JFK Assassination: History as a True-Crime Story – Lee Harvey Oswald (2013)

John Fitzgerald Kennedy, the 35th President of the United States, was assassinated at 12:30 p.m. Central Standard Time (18:30 UTC) on Friday, November 22, 1963, in Dealey Plaza, Dallas, Texas.[1][2] Kennedy was fatally shot by a sniper while traveling with his wife Jacqueline, Texas Governor John Connally, and Connally’s wife Nellie, in a presidential motorcade. A ten-month investigation from November 1963 to September 1964 by the Warren Commission concluded that Kennedy was assassinated by Lee Harvey Oswald, acting alone, and that Jack Ruby also acted alone when he killed Oswald before he could stand trial.[3]

Although the Commission’s conclusions were initially supported by a majority of the American public,[4] polls conducted between 1966 and 2003 found that as many as 80 percent of Americans have suspected that there was a plot or cover-up.[5][6] A 1998 CBS News poll showed that 76% of Americans believed the President had been killed as the result of a conspiracy.[7] A 2013 AP poll showed, that although the percentage had fallen, more than 59% of those polled still believed that more than one person was involved in the President’s murder.[8][9] A Gallup Poll in mid-November 2013 showed 61% believed in a conspiracy and 30% thought Oswald did it alone.[10]

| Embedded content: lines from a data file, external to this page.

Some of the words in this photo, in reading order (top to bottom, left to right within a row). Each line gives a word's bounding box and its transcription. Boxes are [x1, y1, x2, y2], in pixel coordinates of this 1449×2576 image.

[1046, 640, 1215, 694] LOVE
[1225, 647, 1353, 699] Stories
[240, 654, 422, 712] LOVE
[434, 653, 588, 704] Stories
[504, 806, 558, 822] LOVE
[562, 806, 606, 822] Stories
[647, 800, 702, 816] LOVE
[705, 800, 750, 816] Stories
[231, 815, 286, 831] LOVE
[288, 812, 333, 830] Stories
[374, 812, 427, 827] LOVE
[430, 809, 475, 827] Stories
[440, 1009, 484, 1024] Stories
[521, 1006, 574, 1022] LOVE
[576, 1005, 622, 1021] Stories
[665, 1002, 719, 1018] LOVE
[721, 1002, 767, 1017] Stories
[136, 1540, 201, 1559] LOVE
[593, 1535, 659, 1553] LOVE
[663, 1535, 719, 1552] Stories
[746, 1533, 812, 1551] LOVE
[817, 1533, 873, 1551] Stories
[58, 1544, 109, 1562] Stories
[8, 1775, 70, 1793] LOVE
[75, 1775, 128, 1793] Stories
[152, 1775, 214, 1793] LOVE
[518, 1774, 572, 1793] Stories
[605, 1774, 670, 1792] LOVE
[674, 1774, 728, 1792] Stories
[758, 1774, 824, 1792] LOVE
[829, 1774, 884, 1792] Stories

In contrast to the conclusions of the Warren Commission, the United States House Select Committee on Assassinations (HSCA) concluded in 1978 that Kennedy was probably assassinated as a result of a conspiracy.[11] The HSCA found the original FBI investigation and the Warren Commission Report to be seriously flawed. While agreeing with the Commission that Oswald fired all the shots which caused the wounds to Kennedy and Connally, the HSCA stated that there were at least four shots fired (only three of which could be linked to Oswald) and that there was “…a high probability that two gunmen fired at [the] President.”[12][13]

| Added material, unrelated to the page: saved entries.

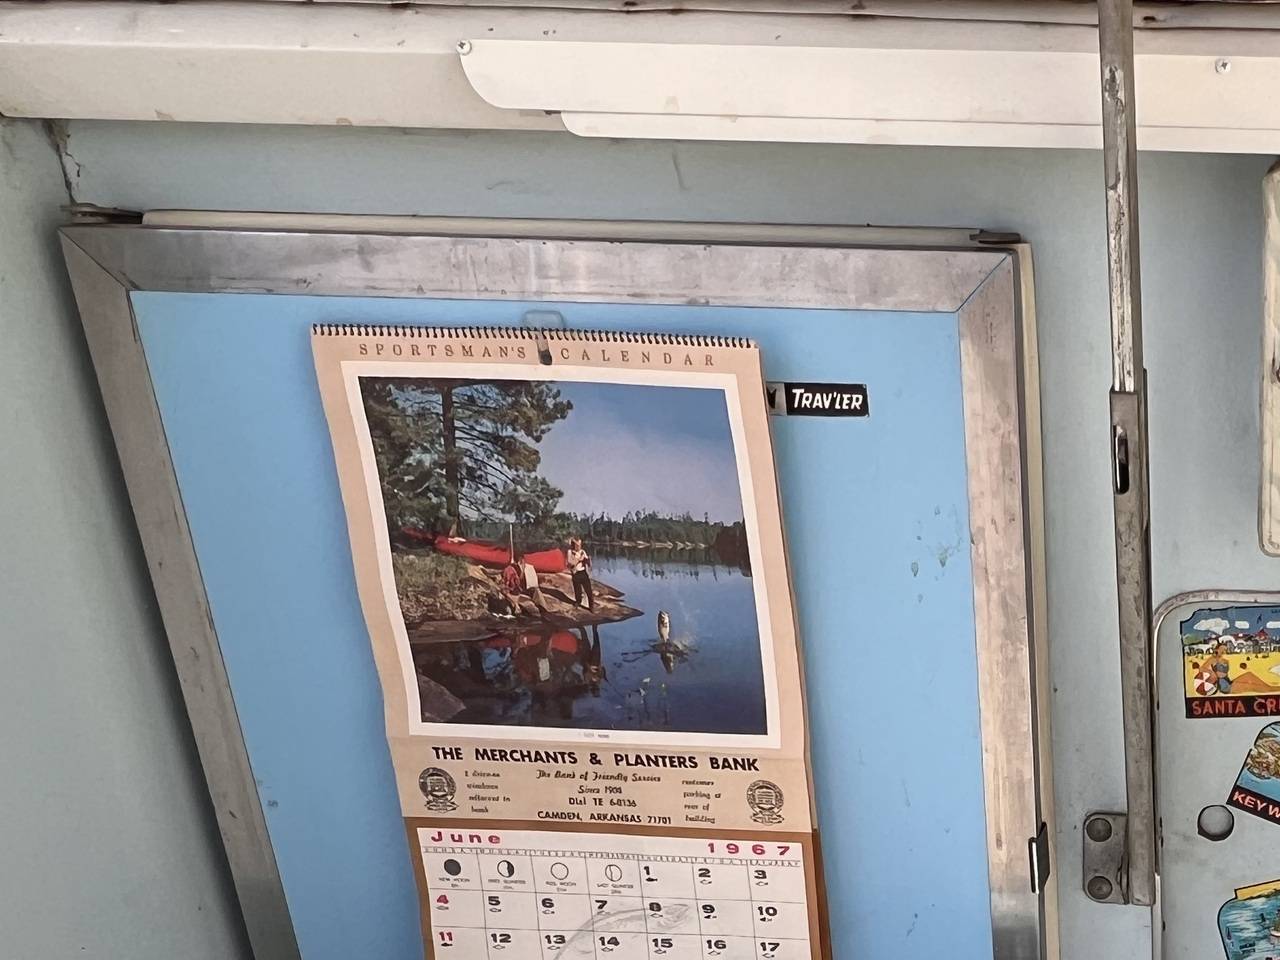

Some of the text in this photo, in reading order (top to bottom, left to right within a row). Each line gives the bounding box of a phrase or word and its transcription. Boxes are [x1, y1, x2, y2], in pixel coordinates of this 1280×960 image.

[359, 343, 715, 367] SPORTSMAN'S CALENDAR
[1192, 700, 1246, 716] SANTA
[432, 746, 761, 772] THE MERCHANTS & PLANTERS BANK
[536, 769, 551, 779] The
[579, 771, 589, 781] of
[592, 771, 629, 783] Friendly
[631, 773, 662, 782] Service
[592, 798, 603, 806] TE
[1232, 789, 1267, 812] KEY
[537, 810, 583, 821] CAMDEN,
[589, 812, 642, 823] ARKANSAS
[431, 831, 501, 845] June
[707, 842, 791, 857] 1967
[643, 865, 767, 880] 1 2 3
[436, 894, 778, 917] 4 5 6 7 8 9 10
[438, 931, 780, 952] 11 12 13 14 15 16 17
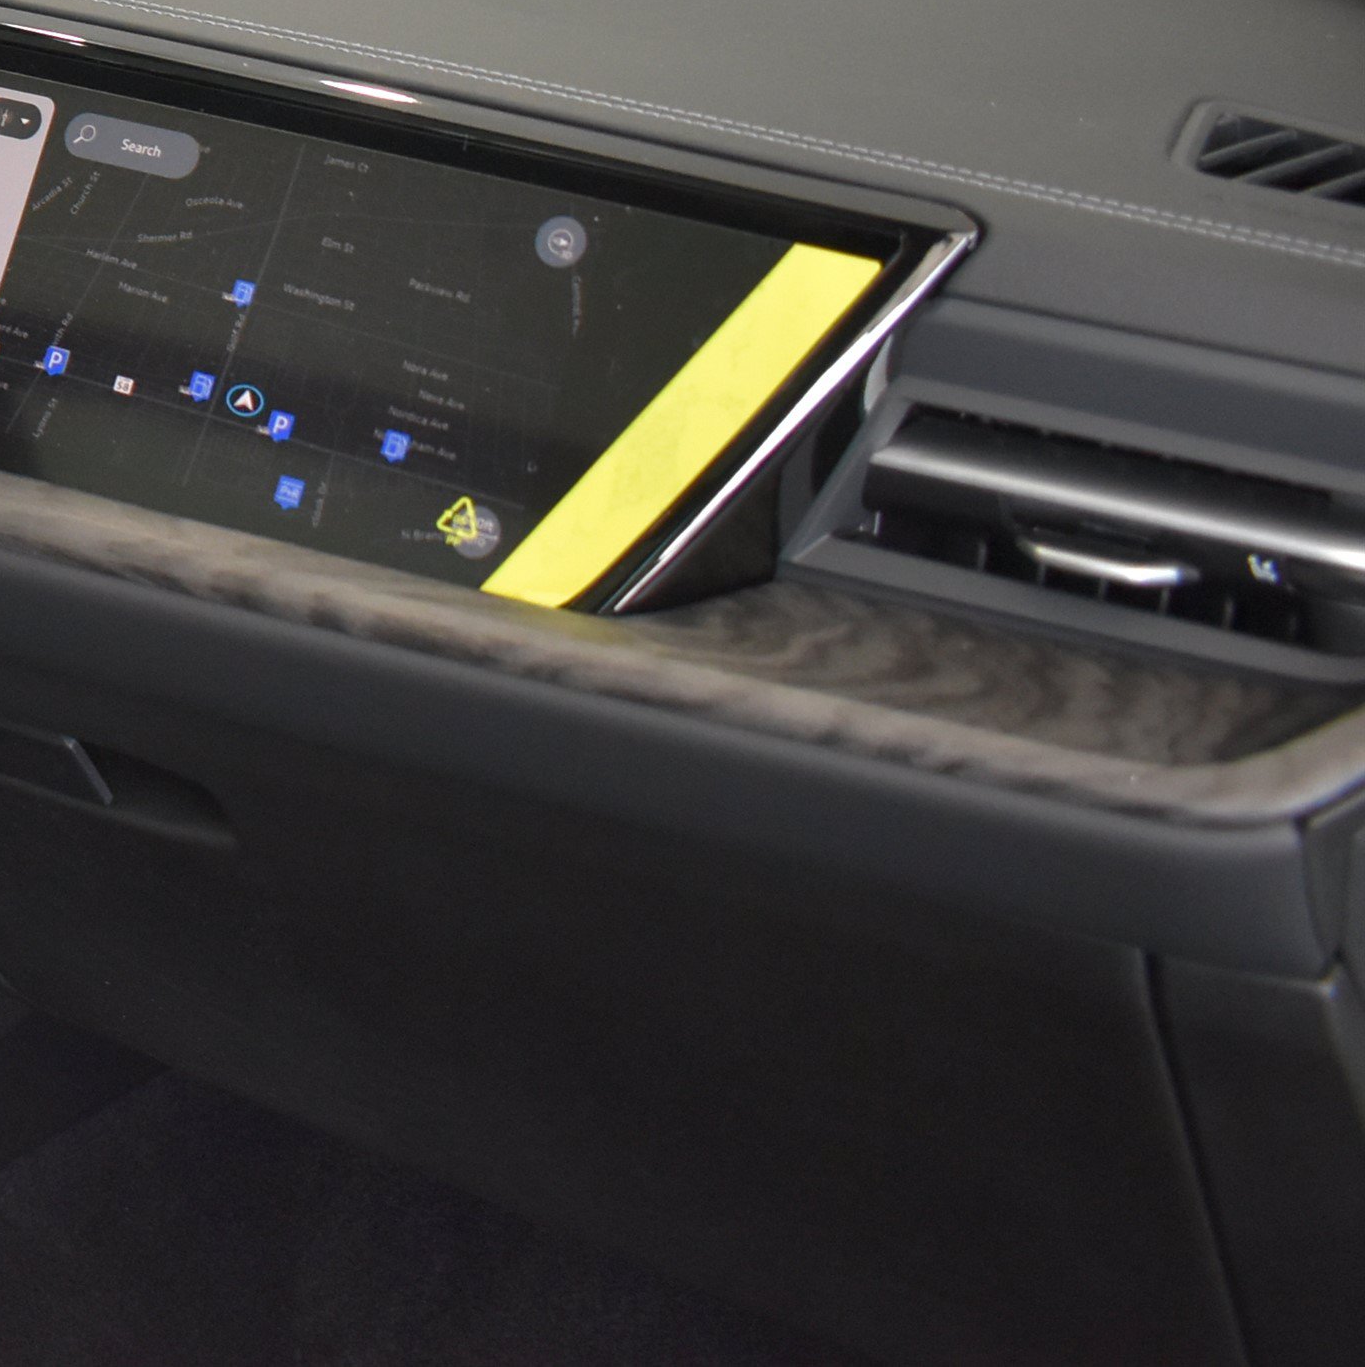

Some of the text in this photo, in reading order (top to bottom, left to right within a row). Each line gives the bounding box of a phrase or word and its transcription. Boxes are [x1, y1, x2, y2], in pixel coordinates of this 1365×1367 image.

[120, 138, 162, 158] Search
[70, 180, 91, 215] Church
[48, 351, 63, 369] P
[115, 381, 130, 393] 58
[272, 416, 288, 433] P

The HSCA did not identify any other person or group involved in the assassination besides Oswald, but they did specifically say the CIA, the Soviet Union, organized crime, and several other groups were not involved, although they could not rule out the involvement of individual members of those groups. Kennedy’s assassination is still the subject of widespread debate and has spawned numerous conspiracy theories and alternative scenarios.

Numerous books, television shows and articles continued to appear. Writing in 2007, Vincent Bugliosi said, “close to one thousand books” had been published on the subject of the assassination,[164] of which “over 95 percent” were pro-conspiracy.[165] Some notable books to 1990 were Anthony Summers’ Conspiracy (later revised and published as Not in Your Lifetime), David Lifton’s best-selling Best Evidence, both published in 1980, and Henry Hurt’s Reasonable Doubt in 1985. The Summers and Hurt books explore many of the prominent conspiracy theories, while Lifton argues that President Kennedy’s wounds were altered before the autopsy to frame Oswald. Jim Marrs published Crossfire in 1989, the same year High Treason, by Robert J. Groden and Harrison Livingstone was published. The latter book argued the autopsy photos were altered to give the appearance that wounds were caused by shots from a single gunman.

By the late 80s, interest in the subject among the general public was waning.[166] One theory for this from writer Pete Hamill was that by 1988, “an entire generation had come to maturity with no memory at all of the Kennedy years.”[167] In 1991, Oliver Stone’s film JFK introduced the subject – and many of the attendant conspiracy theories – to a new generation of Americans. The sudden renewed interest in the assassination led to the passage by Congress of the JFK Records Act in 1992.[166] The Act created the Assassination Records Review Board to implement the Act’s mandate to release all sealed documents related to the assassination. Thousands of documents were released between 1994 and 1998, providing new material for researchers.

To date, there is no consensus on who, among many players, may have been involved in a conspiracy to kill President Kennedy. Those often mentioned as being part of a conspiracy include Jack Ruby, organized crime as an organization or organized crime individuals, the CIA, the FBI, the Secret Service, the KGB, right-wing groups or right-wing individuals, President Lyndon Johnson, pro- or anti-Castro Cubans, the military and/or industrial groups allied with the military.